Ford: Well, first of all it’s about life. For me the film isn’t at all about death. I would love it if you wouldn’t give away the ending but the end of that film is the end of all our films. It’s the end of your film. It’s the end of my film. That’s what happens. That’s what comes to us. This movie is really about living in the moment, appreciating the small things in your life that sometimes just go by without you really observing and understanding your connection to the universe and understanding that relationships with other people are really the things that matter. When George decides to take his own life all of a sudden the beauty of the world starts to pull at him because he’s really looking and seeing for the first time. We have so many eyes in the film because George hasn’t been looking people in the eyes. He’s been blank. Now, all of a sudden he’s connecting and people are responding to him in a different way. He’s responding to them and…things are falling from the ceiling. It’s a giant roach. That is a huge cockroach. Wow. [laughs] What a brave guy you are! We’re Buddhists here! Don’t kill it. Put it outside. I’m sorry. Getting back to your question, I don’t know if I answered it but this film is not about death.
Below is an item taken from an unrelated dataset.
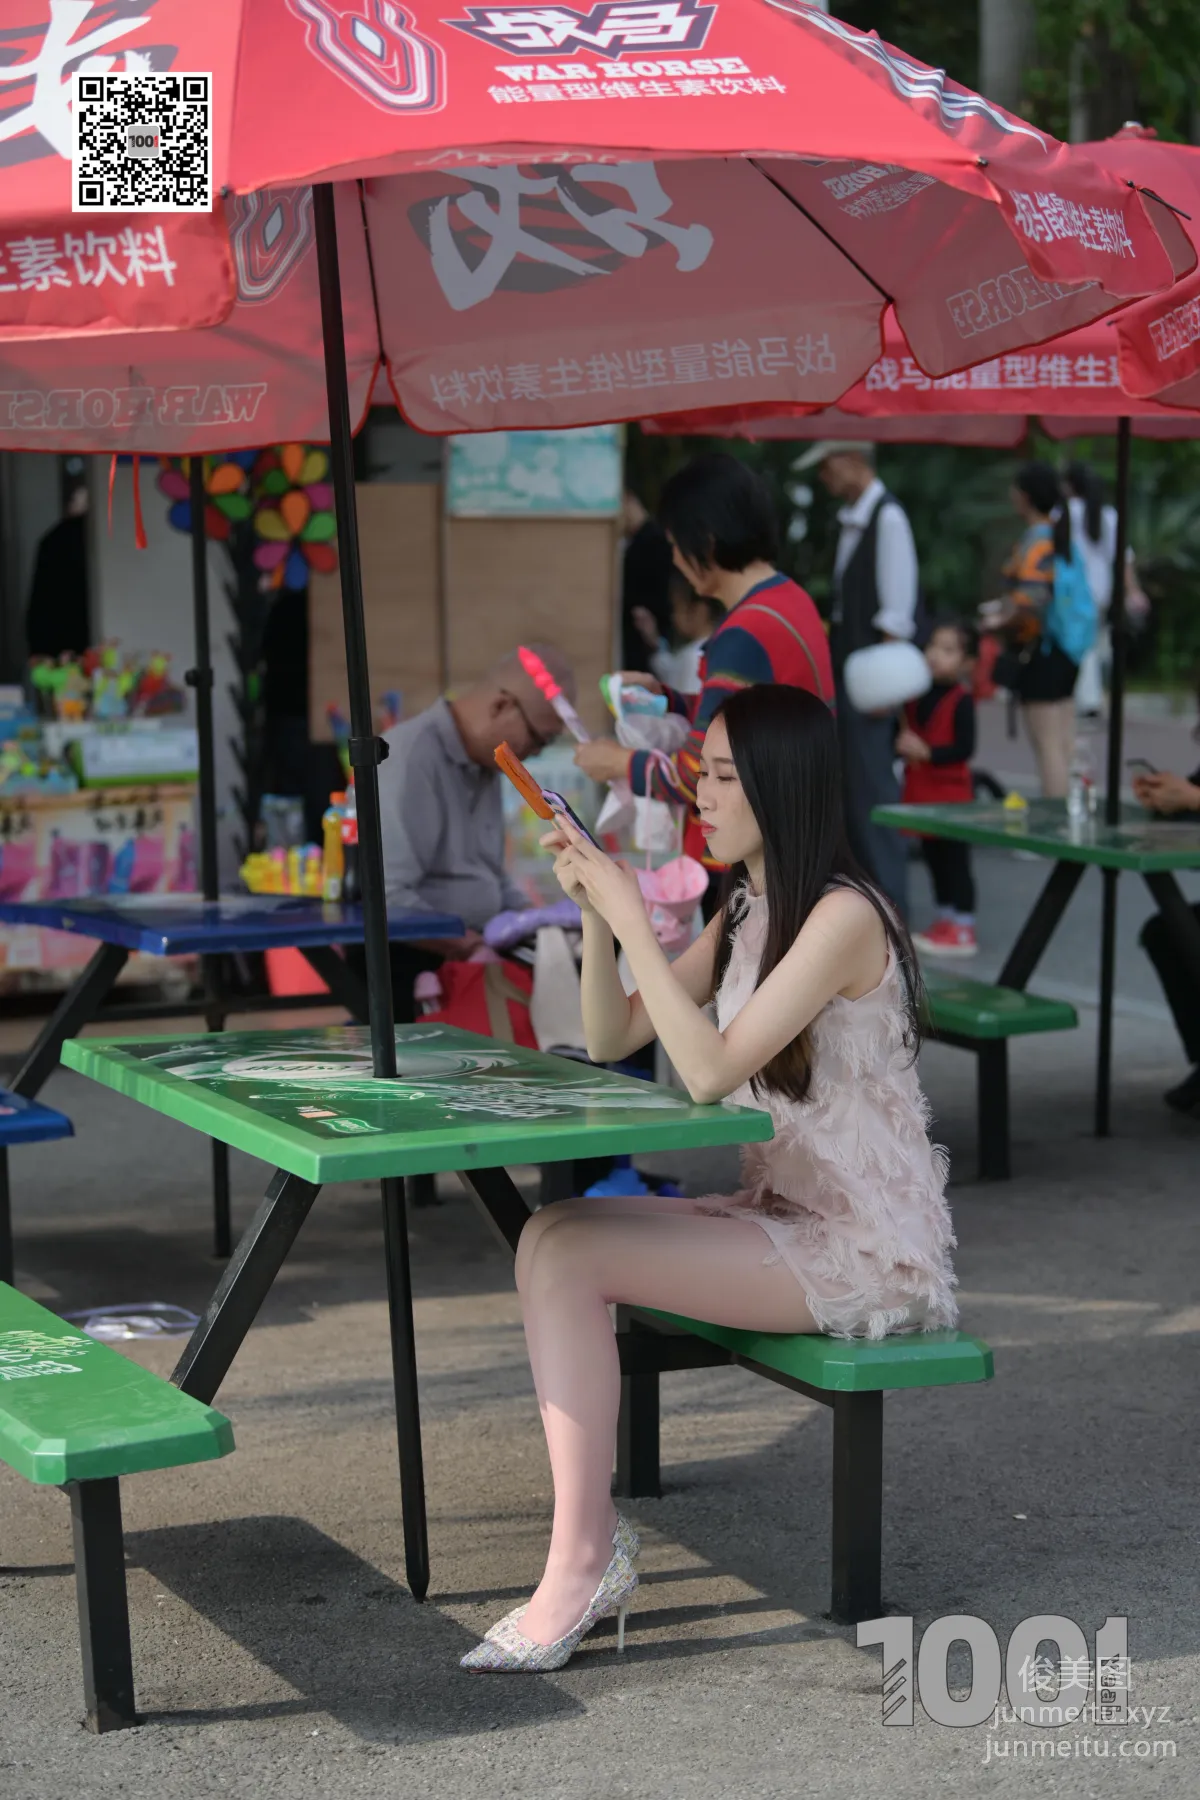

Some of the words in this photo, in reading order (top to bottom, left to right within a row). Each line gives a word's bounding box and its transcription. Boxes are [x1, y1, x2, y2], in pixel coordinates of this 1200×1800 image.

[494, 63, 598, 82] WAR
[597, 57, 751, 79] HORSE
[487, 76, 787, 104] 能量型维生素饮料
It’s about life.
Question: In your intention to make about it life is that why every detail seemed so planned on your end?
Ford: Well, there are a couple of different reasons for that. George is a character who keeps himself together by keeping his outer world in order. This is how this man exists. This is how he gets through the day. On the worst day of his life he’s polishing his shoes. He’s putting on his tie. He’s just being held together by the surface and by the order of everything. Not to be too, this might sound silly to some of you – I don’t know – but Christopher Isherwood was a Vergo. Vergos are precise, almost uptight. It’s all about precision and order and I’m a Vergo. Colin Firth is a Vergo. This was the Vergo, Vergo, Vergo film. But it’s also very much a part of his character, written into the original book. This is a man who’s inner world and outer world are connected. He feels that if he can keep his outer world together that he won’t collapse inside. Colin’s character has a veneer but just inside is this romantic guy who’s suffering so much and it’s right behind the surface.
Question: Now that you’ve started this second profession while keeping at the fashion, I’m curious about what you saw yourself doing as a child?
Ford: God. I thought that I was going to be an actor. I actually studied acting at NYU and I made a lot of television commercials which is how I put myself through college. I quickly realized that I didn’t want to be an actor because I didn’t feel secure enough at that time. I remember doing a Purell shampoo commercial when I was nineteen and this kind of bitchy hairdresser said, ‘You’re losing your hair. It’s all going to fall out.’ I just remember becoming so paranoid about my appearance that I wasn’t a good actor because I was too self-absorbed and nervous. I realized that wasn’t going to happen for me so I went back to school and studied architecture and fashion and now I’ve sort of ended up here. But when I was a kid I thought that I was going to be an actor.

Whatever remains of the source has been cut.